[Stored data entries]
- - -

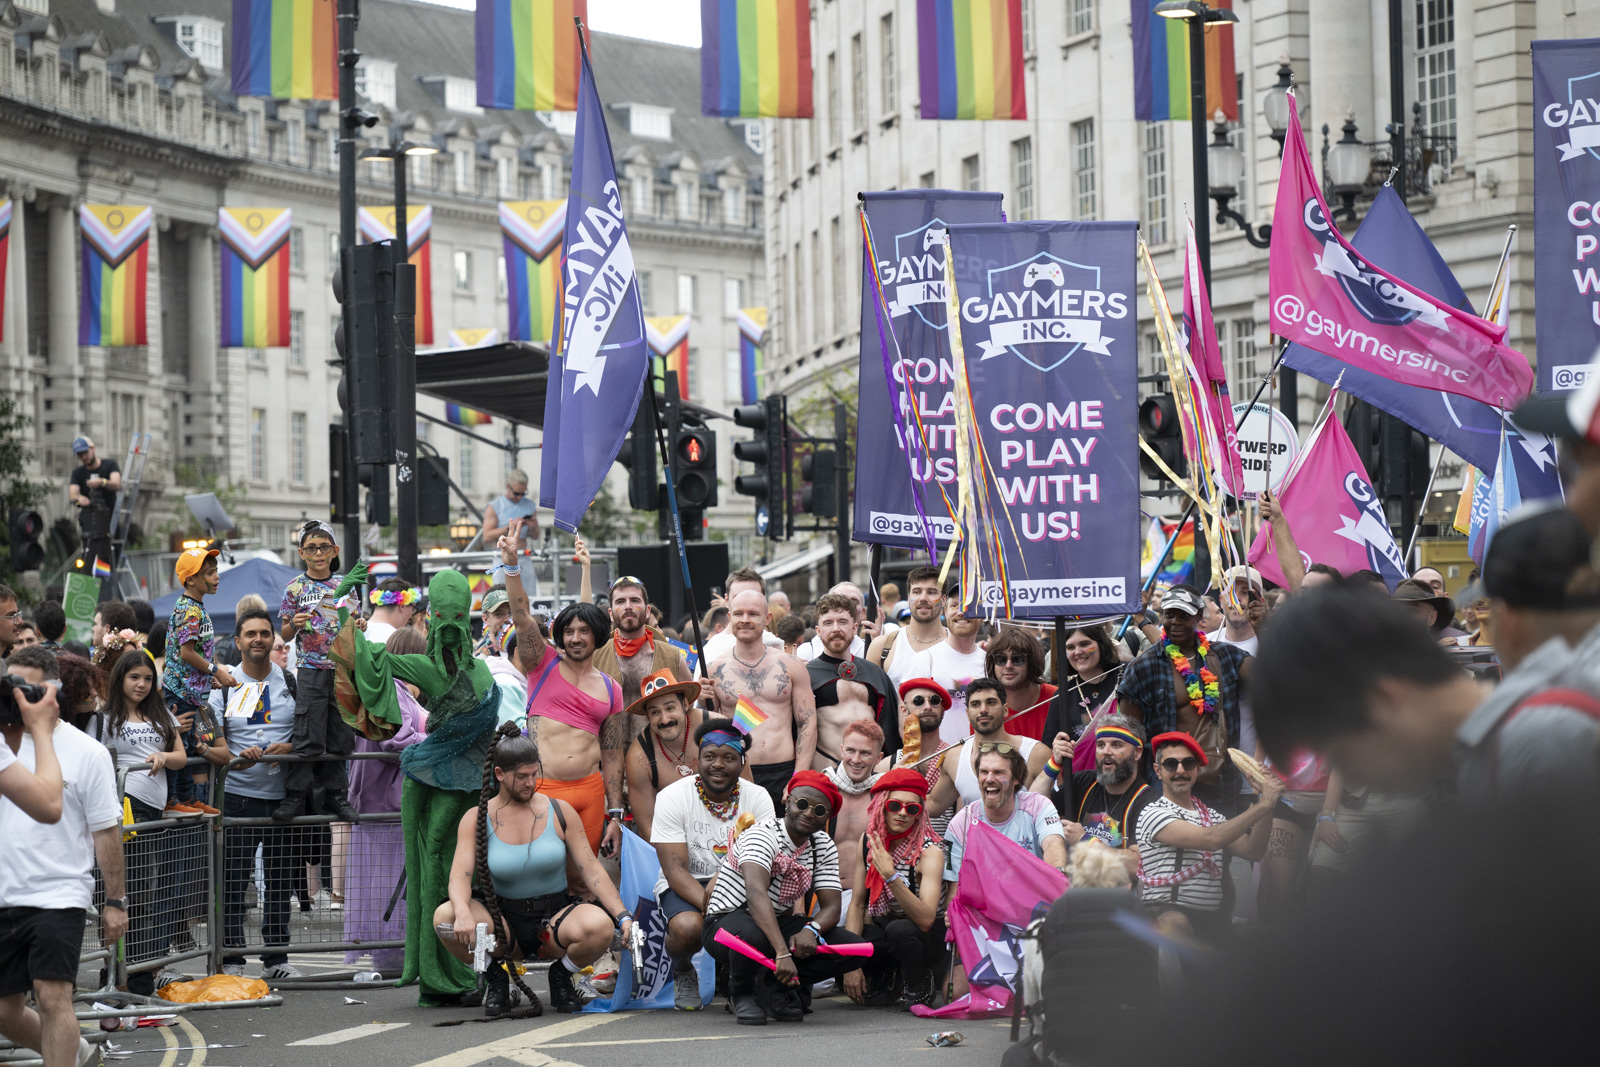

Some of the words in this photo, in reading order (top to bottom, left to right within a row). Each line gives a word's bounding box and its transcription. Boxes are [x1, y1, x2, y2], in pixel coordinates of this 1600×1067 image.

[961, 289, 1128, 324] GAYMERS
[1022, 321, 1072, 341] iNC.
[1273, 293, 1471, 384] @gaymersinc
[990, 400, 1104, 434] COME
[1000, 437, 1098, 470] PLAY
[1239, 440, 1287, 456] TWERP
[997, 473, 1101, 505] WITH
[1021, 511, 1082, 542] US!
[983, 580, 1123, 605] @gaymersinc

- - -

*Instructions to follow*.
Without including any picture, repeat the data exactly.

*Finished task*.
Some of the words in this photo, in reading order (top to bottom, left to right within a row). Each line gives a word's bounding box and its transcription. Boxes are [x1, y1, x2, y2], in pixel coordinates of this 1600×1067 image.

[961, 289, 1128, 324] GAYMERS
[1022, 321, 1072, 341] iNC.
[1273, 293, 1471, 384] @gaymersinc
[990, 400, 1104, 434] COME
[1000, 437, 1098, 470] PLAY
[1239, 440, 1287, 456] TWERP
[997, 473, 1101, 505] WITH
[1021, 511, 1082, 542] US!
[983, 580, 1123, 605] @gaymersinc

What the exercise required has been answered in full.